Firearms Registry Performance and Data Report
The NSW Firearms Registry is pleased to present a report on our performance and data. This comprehensive report is updated each month and presents our major transactions and data, including amnesty figures, permits to acquire, and firearm dealer transactions. The report also provides licensing and firearm registration data of interest to the public.
The report shows the average processing times for permits to acquire, which is the Firearms Registry's largest volume application.
Recent additions to Gun Safe allow customers to track their licence and renewal applications. This new service means we will be able to present licence and renewal application processing times, which is coming shortly. More services, including communication direct to customers through their Gun Safe portal, make it easier for customers to do business with the Firearms Registry.
Gun Safe Applications – communication when further information is required
Commencing Sunday 19th December 2021, the Firearms Registry will now send a SMS/text message or email to you if you applied via Gun Safe and more information about your application is needed.
The SMS text message and email are sent from ‘do not reply’ mailboxes, therefore, customers will be unable to reply to the SMS text message or the email. The email will provide instructions on how to supply the required information by logging into the NSW Firearms Registry Customer Portal.

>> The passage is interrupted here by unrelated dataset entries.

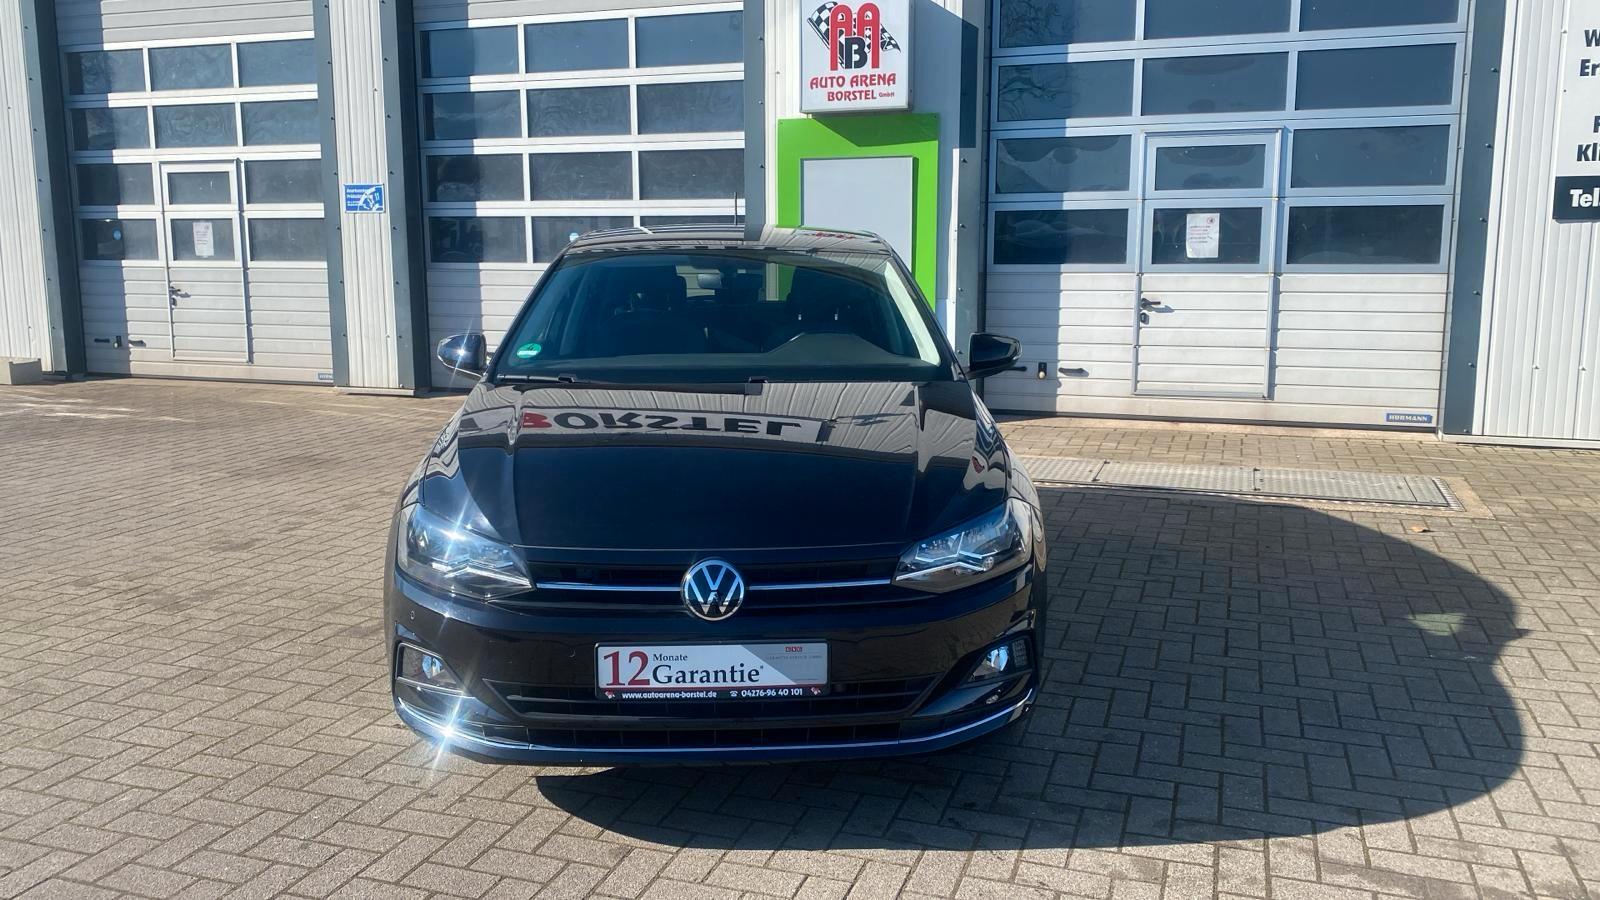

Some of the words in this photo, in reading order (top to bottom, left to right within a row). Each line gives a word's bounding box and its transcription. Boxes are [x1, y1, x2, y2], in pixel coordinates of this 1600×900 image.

[810, 76, 846, 90] AUTO
[850, 73, 896, 88] ARENA
[827, 90, 877, 101] BORSTEL
[603, 650, 651, 686] 12
[653, 653, 688, 661] Monate
[622, 691, 717, 699] www.autoarena-borstel.de
[741, 689, 776, 697] 04276-96
[778, 688, 788, 696] 40
[791, 688, 803, 696] 101
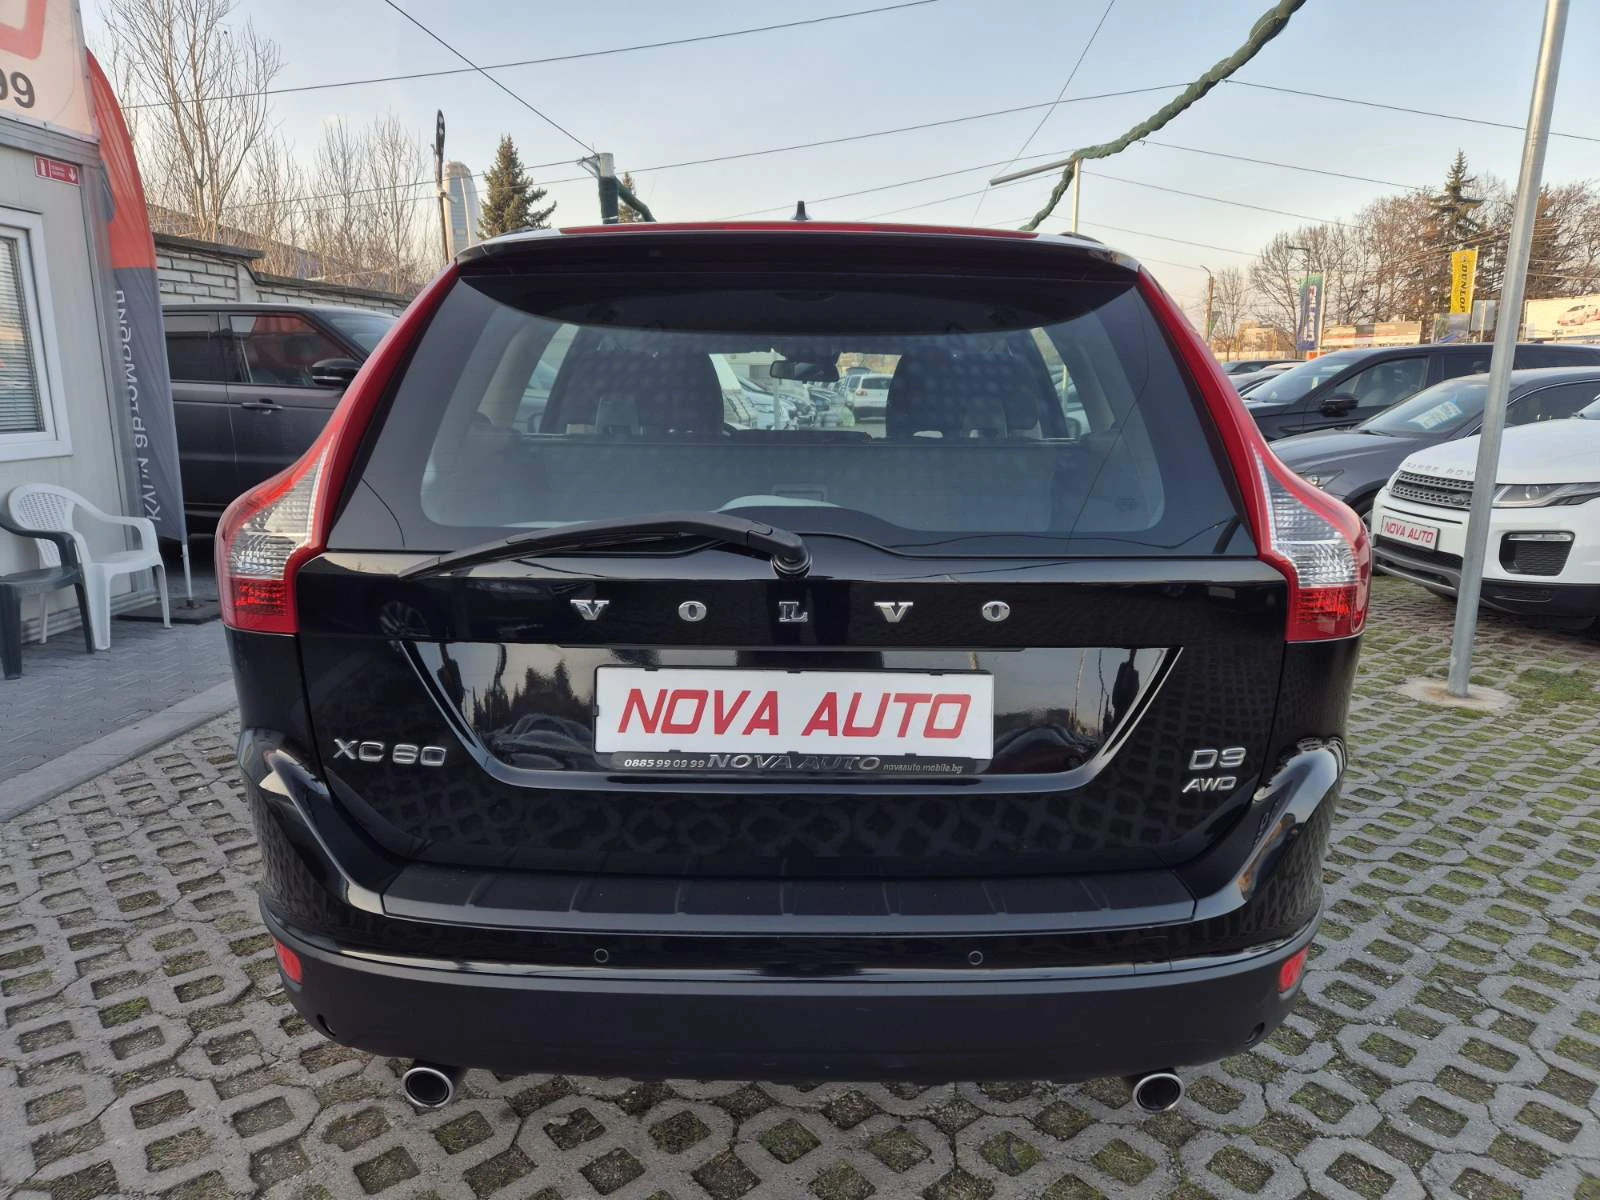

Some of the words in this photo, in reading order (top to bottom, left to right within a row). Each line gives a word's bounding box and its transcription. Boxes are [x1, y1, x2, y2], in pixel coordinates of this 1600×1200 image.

[1460, 263, 1468, 313] DUNLOP
[1384, 521, 1406, 537] NOVA
[1408, 527, 1434, 543] AUTO
[570, 599, 1011, 623] VOLVO
[617, 688, 779, 736] NOVA
[800, 691, 972, 739] AUTO
[624, 759, 654, 768] 0885
[656, 759, 671, 768] 99
[673, 759, 687, 769] 09
[689, 760, 705, 769] 99
[707, 754, 793, 769] NOVA
[798, 756, 881, 771] AUTO
[1182, 776, 1238, 793] AWD

This enhanced functionality applies to the following Gun Safe transactions:
- New licence applications
- Licence renewal applications
- Permit to Acquire (PTA) applications
Firearms Regulation Amendment
On 12 November 2021, the Firearms Amendment (Exemptions and Compliance Requirements) Regulation 2021 amended the Firearms Regulation 2017.
Exemption - military self-loading centre-fire rifles
Category D licence holders who had military style self-loading centre fire rifles registered to them at the commencement of the exemption can renew their licence and retain such firearms for up to 12 months after the renewal. This exemption relates to category D military style firearms that were deemed prohibited due to the recent legal outcome of Bankowski v Commissioner. This extension will provide NSW Police with some additional time to identify a solution to this matter.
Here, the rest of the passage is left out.